Hypnose, méditation et chirurgie
Mis à jour le 25 septembre 2011
David Servan-Schreiber – Psychologies Magazine – Novembre 2001
La chirurgie, fleuron de la médecine occidentale, est un univers technique où la stérilité doit être parfaite, où chaque geste est calculé, répertorié et «monitoré» par des machines aussi implacables qu’efficaces. Toutefois, les prouesses des cinquante dernières années – de la microchirurgie de la main à la transplantation cardiaque, en passant par le remplacement de la hanche – ont transformé le patient en un objet passif de la science et de l’art du chirurgien. Une fois son accord donné pour être opéré, quelle participation peut-il imaginer, puisqu’il subira l’intervention sous anesthésie générale ?
Alors que cette question semble absurde à la majorité des chirurgiens – et des patients –, une révolution s’amorce. Des études scientifiques commencent à démontrer ce que certains soupçonnaient depuis longtemps : l’attitude du patient et sa préparation mentale jouent un rôle important dans la réponse du corps à cette « agression bien intentionnée ». Sans que l’on comprenne pourquoi, il est maintenant démontré que des explications sur la nature de l’intervention et sur ce à quoi le patient doit s’attendre, un entraînement à la relaxation et des séances d’hypnose pour conditionner la réponse du corps pendant l’opération réduisent les pertes de sang et les complications (pendant et après l’intervention), la douleur postopératoire et même la durée de l’hospitalisation ! (1)

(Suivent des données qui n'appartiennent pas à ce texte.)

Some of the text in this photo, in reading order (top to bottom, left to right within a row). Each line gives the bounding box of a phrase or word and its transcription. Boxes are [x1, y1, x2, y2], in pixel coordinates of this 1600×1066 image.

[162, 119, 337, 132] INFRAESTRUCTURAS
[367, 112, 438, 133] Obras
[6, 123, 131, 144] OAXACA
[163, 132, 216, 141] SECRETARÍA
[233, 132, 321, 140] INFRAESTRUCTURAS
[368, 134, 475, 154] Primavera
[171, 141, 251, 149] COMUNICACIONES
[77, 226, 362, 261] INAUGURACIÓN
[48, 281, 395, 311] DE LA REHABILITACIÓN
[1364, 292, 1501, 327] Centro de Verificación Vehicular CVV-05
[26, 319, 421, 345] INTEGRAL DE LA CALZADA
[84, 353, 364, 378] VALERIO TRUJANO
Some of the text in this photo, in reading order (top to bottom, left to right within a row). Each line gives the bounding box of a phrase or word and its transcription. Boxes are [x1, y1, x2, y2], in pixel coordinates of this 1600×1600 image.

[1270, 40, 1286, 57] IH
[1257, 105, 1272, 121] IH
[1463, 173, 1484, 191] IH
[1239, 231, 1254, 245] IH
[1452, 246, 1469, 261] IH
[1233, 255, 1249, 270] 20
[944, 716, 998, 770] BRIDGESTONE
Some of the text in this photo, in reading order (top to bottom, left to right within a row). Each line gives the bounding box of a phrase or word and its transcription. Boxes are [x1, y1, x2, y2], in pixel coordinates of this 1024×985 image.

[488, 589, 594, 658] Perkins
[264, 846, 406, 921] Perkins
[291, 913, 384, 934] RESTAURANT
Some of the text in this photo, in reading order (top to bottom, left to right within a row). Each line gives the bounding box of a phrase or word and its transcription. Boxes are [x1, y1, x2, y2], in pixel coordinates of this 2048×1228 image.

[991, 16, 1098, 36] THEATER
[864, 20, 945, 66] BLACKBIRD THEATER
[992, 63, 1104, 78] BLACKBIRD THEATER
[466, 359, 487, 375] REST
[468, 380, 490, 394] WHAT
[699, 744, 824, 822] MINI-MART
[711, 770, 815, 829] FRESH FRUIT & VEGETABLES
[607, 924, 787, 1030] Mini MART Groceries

Il est aussi démontré que, après certaines interventions, notamment dentaires et gynécologiques, l’acupuncture permet de réduire – de plus de deux tiers – l’utilisation d’opiacés, en contrôlant directement la douleur (2). Certains patients semblent garder un souvenir de ce qui s’est passé pendant l’opération (3). Mais le plus surprenant reste l’impact des suggestions hypnotiques susurrées aux malades via un baladeur pendant l’anesthésie. Une étude a montré que, après plusieurs jours, les infirmières reconnaissaient, dans plus de 80 % des cas, les malades traités ainsi : ils se remettaient plus rapidement et avec moins de souffrance que les autres !
Un chirurgien raconte l’histoire d’une malade pour qui ses amies avaient fait une prière en tenant une pierre dans leur main : celle-ci devait accompagner la jeune femme pendant son opération. Lorsque le médecin s’aperçut que la pierre n’était pas là, il retarda l’opération pour la retrouver. Interrogé sur cette décision, il répondit simplement : « Quand j’opère, j’ai besoin de toute l’aide que je peux recevoir ! »
Même si les conclusions de ces études demeurent controversées (4), est-il raisonnable, aujourd’hui, de se priver de cette aide si anodine et potentiellement si bénéfique ?
1- Lire “Lancet” (1988), vol. 2 (8609), et “British Medical Journal” (1990), vol. 301.
2- “Anesthesia Analgesia” (1998), vol. 87.
3- “Circulation” (1998), vol. 98.
4- “British Journal of Anaesthesiology” (1993), vol. 71.